WORK TASK
In the records below, locate the line containing "Some of the words", then extract it and all following lines exactly, ending with the last line.

Phrase grounding data:
┏━━

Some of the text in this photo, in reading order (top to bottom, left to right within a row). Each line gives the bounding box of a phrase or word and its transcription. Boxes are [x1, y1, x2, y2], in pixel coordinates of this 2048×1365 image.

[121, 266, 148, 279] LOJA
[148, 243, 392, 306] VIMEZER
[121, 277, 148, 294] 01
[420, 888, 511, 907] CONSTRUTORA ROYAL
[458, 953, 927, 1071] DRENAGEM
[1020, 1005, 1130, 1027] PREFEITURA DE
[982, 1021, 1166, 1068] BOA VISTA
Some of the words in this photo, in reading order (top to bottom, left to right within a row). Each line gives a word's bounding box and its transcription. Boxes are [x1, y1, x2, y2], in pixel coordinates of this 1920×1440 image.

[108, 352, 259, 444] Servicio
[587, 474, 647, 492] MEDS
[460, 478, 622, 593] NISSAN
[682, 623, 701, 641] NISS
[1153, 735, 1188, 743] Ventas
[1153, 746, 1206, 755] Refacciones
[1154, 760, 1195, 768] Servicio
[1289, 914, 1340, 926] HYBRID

┗━━

YOUR RESPONSE
Some of the words in this photo, in reading order (top to bottom, left to right within a row). Each line gives a word's bounding box and its transcription. Boxes are [x1, y1, x2, y2], in pixel coordinates of this 1920×1440 image.

[108, 352, 259, 444] Servicio
[587, 474, 647, 492] MEDS
[460, 478, 622, 593] NISSAN
[682, 623, 701, 641] NISS
[1153, 735, 1188, 743] Ventas
[1153, 746, 1206, 755] Refacciones
[1154, 760, 1195, 768] Servicio
[1289, 914, 1340, 926] HYBRID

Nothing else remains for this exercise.